El Escape de Diesel Puede Aumentar el Riesgo de Enfermedad de Parkinson

Los profesionales médicos ya son conscientes de que la inhalación de la contaminación del aire puede aumentar el riesgo de una serie de afecciones, incluidas las enfermedades respiratorias y cardíacas. Ahora están descubriendo que también puede aumentar la posibilidad de contraer Parkinson. Utilizando el pez cebra, los investigadores de la UCLA descubrieron que el escape de diesel está relacionado con la neurodegeneración. Afortunadamente, también descubrieron que un medicamento contra la leucemia, Tasigna, puede disminuir los niveles de toxicidad neuronal causados por la inhalación de este escape.

Sobre la Enfermedad de Parkinson

La enfermedad de Parkinson es un trastorno progresivo que afecta el sistema nervioso central (SNC). Se caracteriza por su efecto sobre el movimiento a través de cinco etapas diferentes. A medida que la enfermedad progresa, aumenta la gravedad. La primera etapa se caracteriza por temblores sutiles en un lado del cuerpo. En la etapa dos, los síntomas son más notables, con temblores y rigidez en ambos lados del cuerpo. La etapa tres trae pérdida de equilibrio y movimiento lento, mientras que la etapa cuatro hace imposible que uno viva independientemente. La etapa cinco es la más grave, ya que los pacientes no pueden pararse o caminar. Las alucinaciones y los delirios son síntomas comunes de esta etapa.

La enfermedad de Parkinson ocurre debido a la muerte de las neuronas motoras, algunas de las cuales producen dopamina. La dopamina es importante en la transmisión de mensajes a los músculos desde el cerebro, por lo que la pérdida de dopamina provoca la pérdida de las funciones motoras. La actividad cerebral anormal ocurre cuando se pierden estas neuronas. Los médicos no saben por qué mueren estas neuronas motoras, pero sospechan algunos factores que juegan un papel, como la genética, factores ambientales como las toxinas y los cuerpos de Lewy.

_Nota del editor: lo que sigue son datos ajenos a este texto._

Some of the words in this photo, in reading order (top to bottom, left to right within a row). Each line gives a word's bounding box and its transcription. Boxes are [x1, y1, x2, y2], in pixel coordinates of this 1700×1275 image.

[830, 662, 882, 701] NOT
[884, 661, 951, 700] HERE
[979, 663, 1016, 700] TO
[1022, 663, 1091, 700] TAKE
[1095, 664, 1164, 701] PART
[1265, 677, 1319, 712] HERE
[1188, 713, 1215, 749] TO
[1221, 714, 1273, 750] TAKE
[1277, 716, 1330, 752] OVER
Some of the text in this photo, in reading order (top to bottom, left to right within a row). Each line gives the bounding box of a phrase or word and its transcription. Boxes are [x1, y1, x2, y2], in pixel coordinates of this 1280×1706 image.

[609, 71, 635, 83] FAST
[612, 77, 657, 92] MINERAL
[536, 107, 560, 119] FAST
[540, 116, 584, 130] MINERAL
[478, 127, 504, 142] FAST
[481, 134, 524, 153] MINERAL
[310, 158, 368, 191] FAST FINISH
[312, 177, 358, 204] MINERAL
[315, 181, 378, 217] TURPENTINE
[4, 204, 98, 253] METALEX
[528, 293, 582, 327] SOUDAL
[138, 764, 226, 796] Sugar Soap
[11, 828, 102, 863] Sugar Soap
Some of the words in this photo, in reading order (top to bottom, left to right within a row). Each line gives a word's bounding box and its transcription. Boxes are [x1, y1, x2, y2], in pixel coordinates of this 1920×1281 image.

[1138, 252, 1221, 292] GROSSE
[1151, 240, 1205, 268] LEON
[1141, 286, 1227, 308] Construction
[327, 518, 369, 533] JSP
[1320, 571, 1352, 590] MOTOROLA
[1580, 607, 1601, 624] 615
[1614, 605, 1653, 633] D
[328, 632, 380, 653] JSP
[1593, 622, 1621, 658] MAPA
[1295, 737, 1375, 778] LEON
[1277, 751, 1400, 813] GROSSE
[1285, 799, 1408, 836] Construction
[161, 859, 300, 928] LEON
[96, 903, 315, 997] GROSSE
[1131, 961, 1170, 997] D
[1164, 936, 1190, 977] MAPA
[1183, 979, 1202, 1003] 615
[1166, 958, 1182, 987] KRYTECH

No existen terapias aprobadas por la FDA para el Parkinson y el tratamiento es sintomático. Las opciones de tratamiento incluyen sustitutos de la dopamina, carbidopa-levodopa, inhibidores de la MAO-B, inhibidores de la catecol-O-metiltransferasa (COMT), anticolinérgicos y amantadina.

Investigación de la UCLA

Los peces cebra son una opción óptima para estudiar el cerebro, ya que comparten redes neuronales similares a los humanos y pueden usarse para estudiar toxinas ambientales. Con esta información, los investigadores contaminaron el agua de los peces con gases de escape diesel. Los resultados fueron inmediatos. El mismo día, la forma en que nadaban los peces cambió y las neuronas en el cerebro estaban muriendo.

Los investigadores concluyeron que la autofagia estaba relacionada con estos eventos. La autofagia es un proceso celular que elimina las acumulaciones de toxinas. Esencialmente, hubo pequeñas acumulaciones de toxinas que se fusionaron con los lisosomas antes de agregar el escape de diesel al agua, y esas acumulaciones dejaron de fusionarse con los lisosomas después de que se agregaron las toxinas. Al examinar aún más este fenómeno, los investigadores encontraron que había agregación de la proteína sinucleína gamma 1 en las neuronas. Esta proteína comparte una familia con una proteína que se sabe que se agrega en las neuronas de los pacientes con Parkinson.

Después de descubrir esto, los investigadores usaron Tasigna, un medicamento para la leucemia. Se sabe que este medicamento mejora la autofagia en el pez cebra. Descubrieron que podía rescatar a las neuronas de la muerte celular.

Este estudio nos dice tres cosas. Uno, ese escape diesel contribuye a las características del Parkinson. Dos, los problemas con la autofagia son un factor principal de toxicidad en las neuronas en las enfermedades neurodegenerativas. Y, por último, Tasigna y medicamentos como este pueden ser opciones viables para tratar el Parkinson y afecciones similares.